Turning, our gazes locked. He’d shed any pretense of indifference, just as I had. Undeniable interest lurked in his eyes. Picking me up once again, he held me above the water. As a general rule, I hated the feeling of being at someone else’s mercy––out of control of my own destiny. But as it turns out, Scott was more solid than I’d ever imagined. More reliable. Not just in size and strength, but also in character. I was beginning to discover he was the kind of person I could lean on.

Mischief shined in his eyes. “Scared I’m going to drop you?”

“No,” I lied, as I dug my fingers into the thick part of his bicep. “I’m assuming these aren’t a product of your personal trainer.”

He shook his head as he stared at my mouth. His knees buckled a fraction, pretending to falter, and I screamed. Clutching his neck tightly, I inadvertently jammed his face against my barely covered breasts and laughed, the sound bouncing off the high barreled ceiling and marble walls.

“Asshole!”

“I thought you said you weren’t scared?”

My laughter died as he lowered me into the water. No regard for the sleeves of his shirt. The towel floated away, but my smile remained.

“Too hot?” he asked, his voice as sweet and rough as rock sugar.

“It’s perfect…feels good.” The heat worked its magic, getting into my muscles and bones and soothing all the aches and pains brought on by a high-impact crash on frozen ground. I sank under and dunked my head. When I came up, he was sitting on the floor with his back against the side of the tub. One leg bent, a thick sinuous wrist resting on top of his knee, the other leg straight.

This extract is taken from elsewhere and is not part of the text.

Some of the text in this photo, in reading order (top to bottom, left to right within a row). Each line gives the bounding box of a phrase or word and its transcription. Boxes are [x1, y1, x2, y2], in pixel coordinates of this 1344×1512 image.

For the next few minutes, the only sound to breach the silence was the sound of water moving, the standoff fraught with tension.

“Are we going to talk about it?” he finally said in a quiet voice.

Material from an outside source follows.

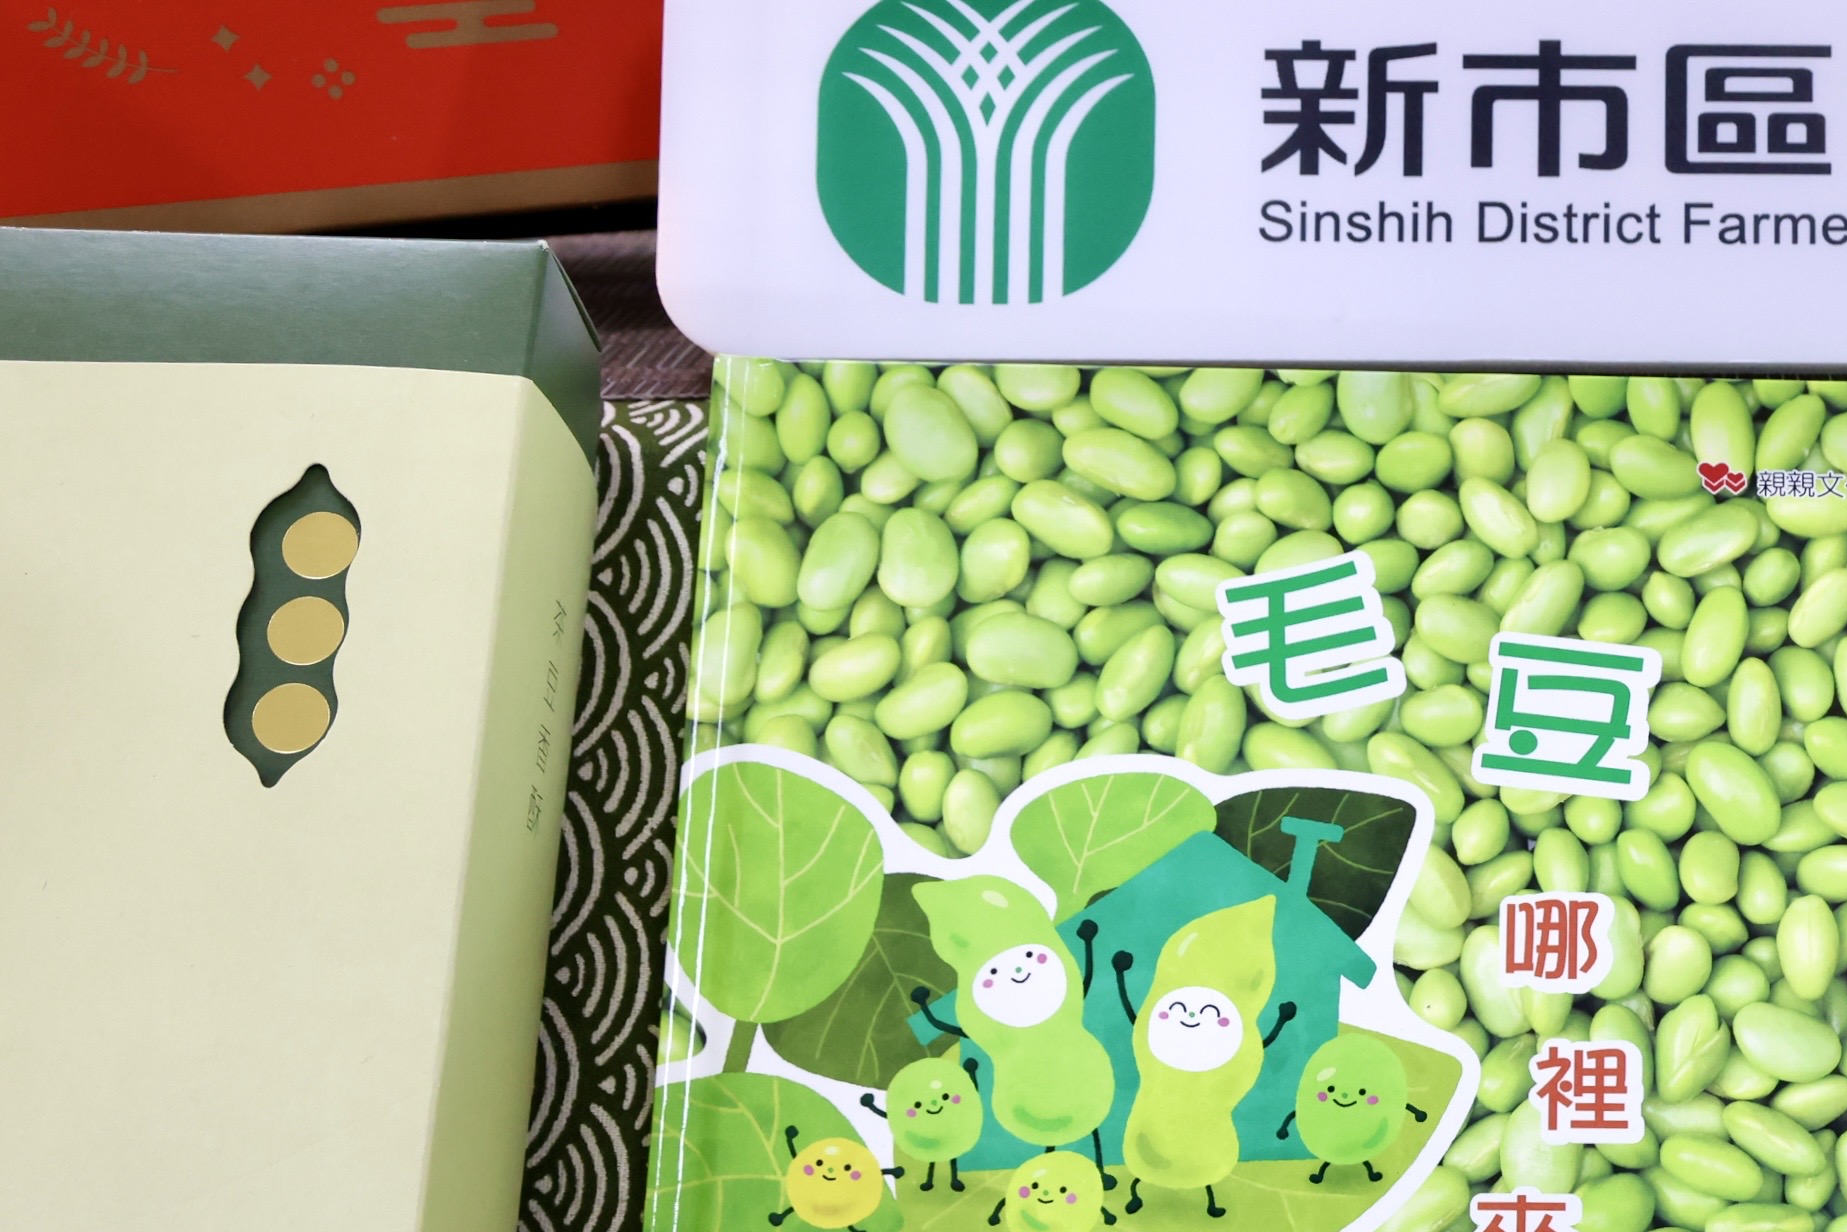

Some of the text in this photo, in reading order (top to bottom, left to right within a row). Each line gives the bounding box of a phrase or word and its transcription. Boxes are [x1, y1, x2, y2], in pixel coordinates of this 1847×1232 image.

[1259, 199, 1453, 243] Sinshih
[1477, 200, 1661, 244] District
[1226, 560, 1644, 785] 毛豆

Sighing, I swallowed down the embarrassment and pushed aside the shame. “What do you want to know?”

“Who did that to you?” His voice was underscored with so much palpable fury I debated how much to tell him.

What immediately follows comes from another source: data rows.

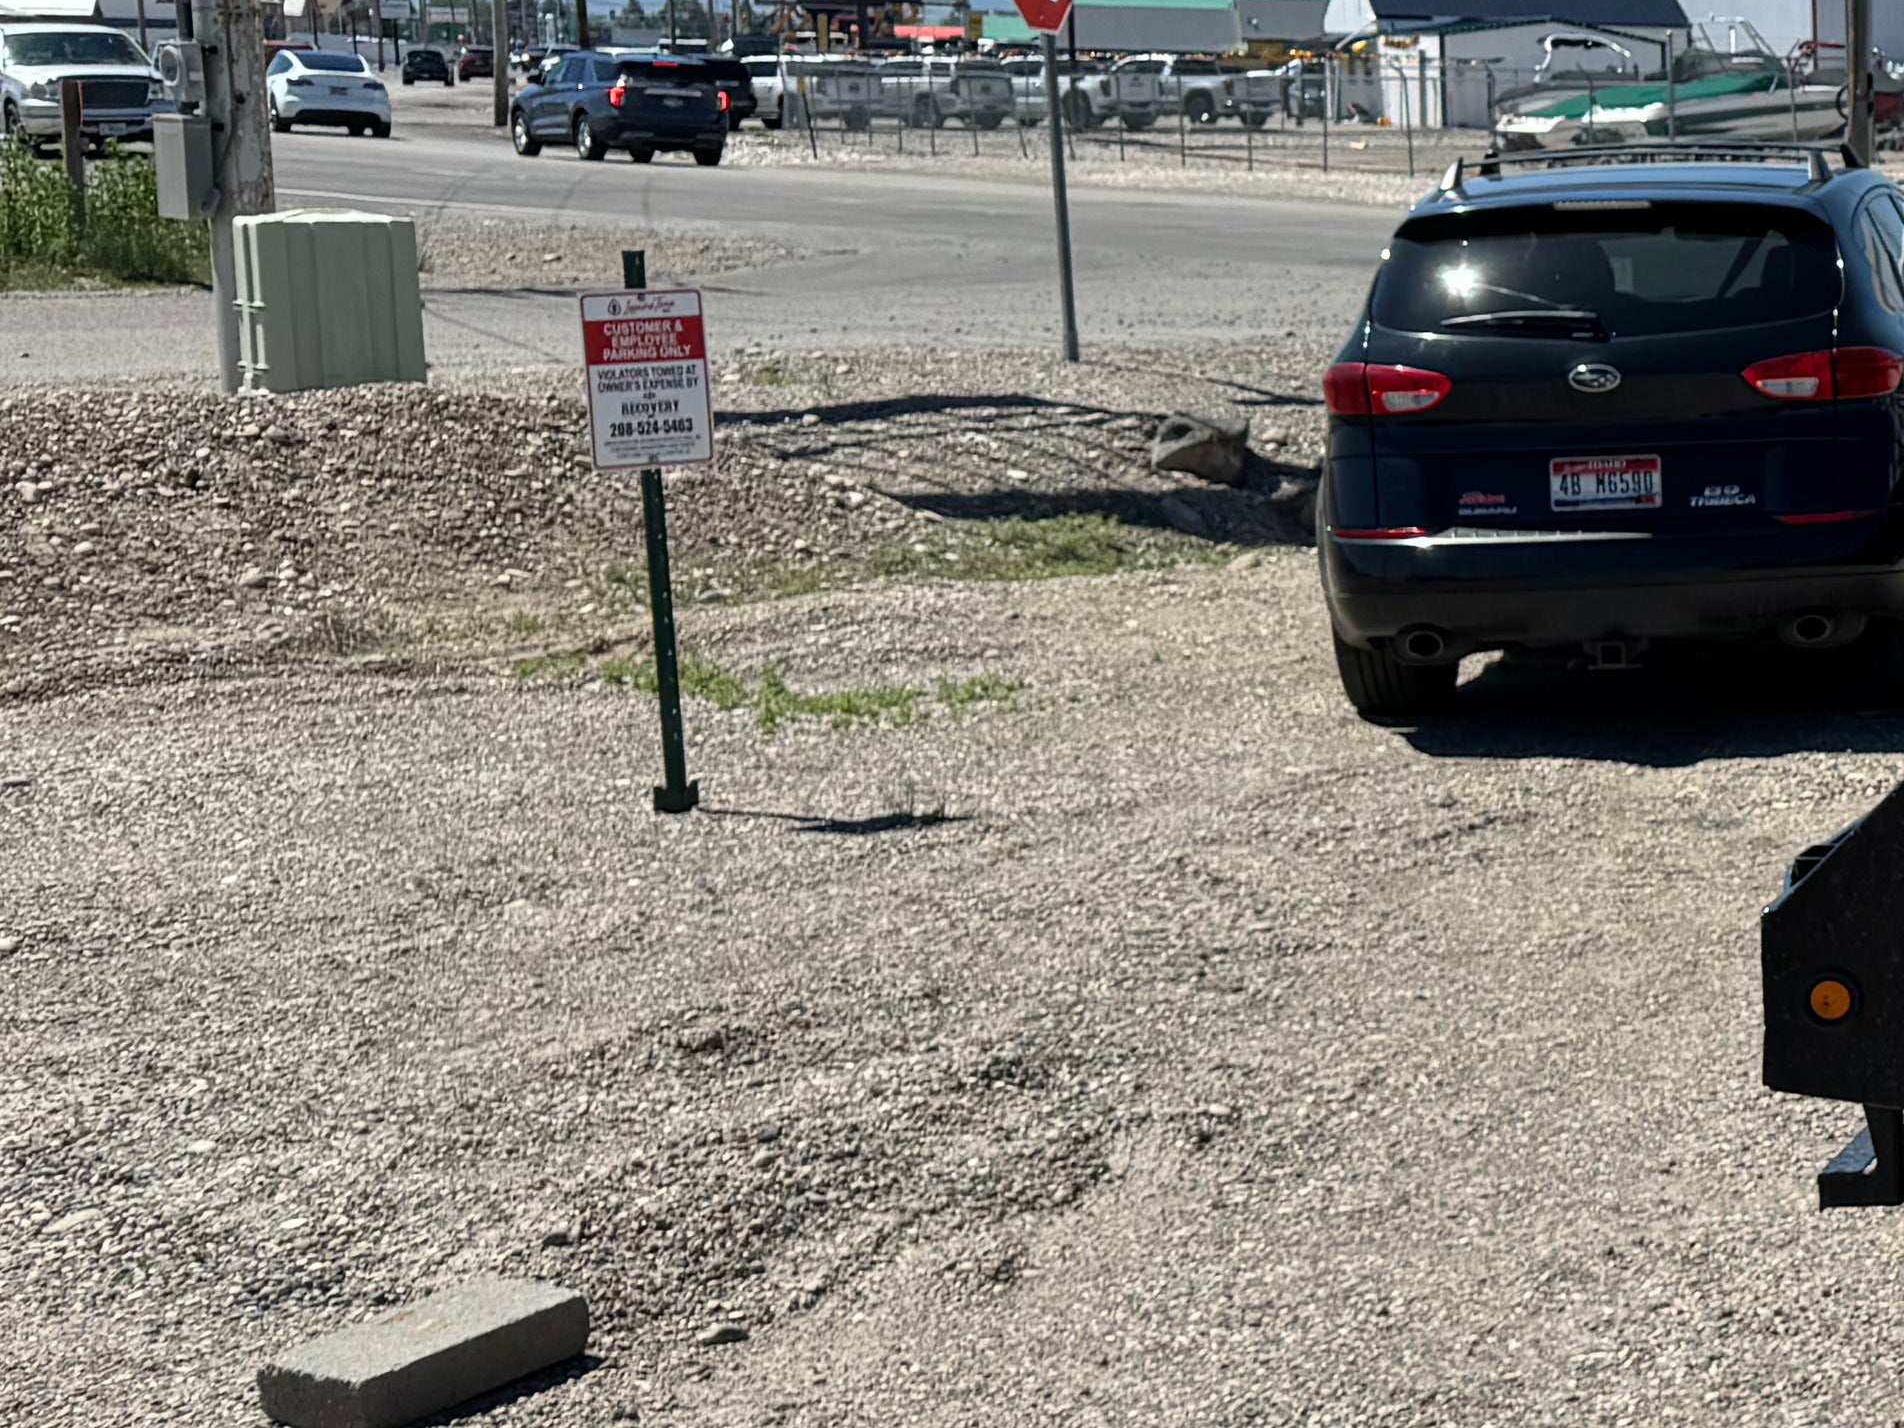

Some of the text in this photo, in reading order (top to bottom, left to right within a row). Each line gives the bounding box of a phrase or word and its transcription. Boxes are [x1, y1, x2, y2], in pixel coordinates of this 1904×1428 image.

[603, 319, 683, 337] CUSTOMER &
[611, 332, 678, 348] EMPLOYEE
[603, 344, 691, 361] PARKING ONLY
[597, 364, 697, 380] VIOLATORS TOWED AT
[597, 380, 641, 393] OWNER'S
[643, 377, 684, 391] EXPENSE
[621, 400, 680, 416] RECOVERY
[1559, 474, 1582, 495] 4B

I’d never talked about it with anyone other than my therapist for a number of reasons. Most of which were all on me. The number one reason: I didn’t want to be perceived as weak, as a “survivor.”

I didn’t survive anything. I thrived despite my history.

“My grandfather…my grandmother’s weapon of choice was a solid wooden spoon she liked to use on my knuckles when I was really young––”

“How young?” The words sounded like they’d been pushed through a grinder. The tendons on the side of his neck were painfully taut. I wanted to kiss him there, kiss away the pain and turn it into pleasure. Let him give me some in return.

“Five…around five. He started in with the broken fishing rod when I was ten. Only the tops of my legs so no one would see. Didn’t want anybody at church talking. You know––because that was important.”

“Sick fucks. Was that how they justified it?”

“No. I’ve met plenty of religious fanatics and some were perfectly nice people. My grandparents hid behind religion, but they were standard-issue abusers. Told me repeatedly it was for my own good.”

“And your parents?”

“They were teenagers. My mom got pregnant at sixteen. Dad was seventeen. They ran away and were killed in a car accident in Oregon––outside of Portland. I was three at the time and somehow survived. My grandparents on my dad’s side didn’t want me so Bill and Claire Evans took me in. Tried to fix all the ways they went wrong with my mother.”

Scott reached into the tub and fished out my hand. I gave it to him willingly. Later, I would see it for what it was, his tender heart offering to share the pain. In the moment, however, all I knew was that it felt good to tell him. We’re not built to be alone. We need to connect. We’re designed to seek common ground, to hold each other up, to nurture one another. And he did that for me instinctually.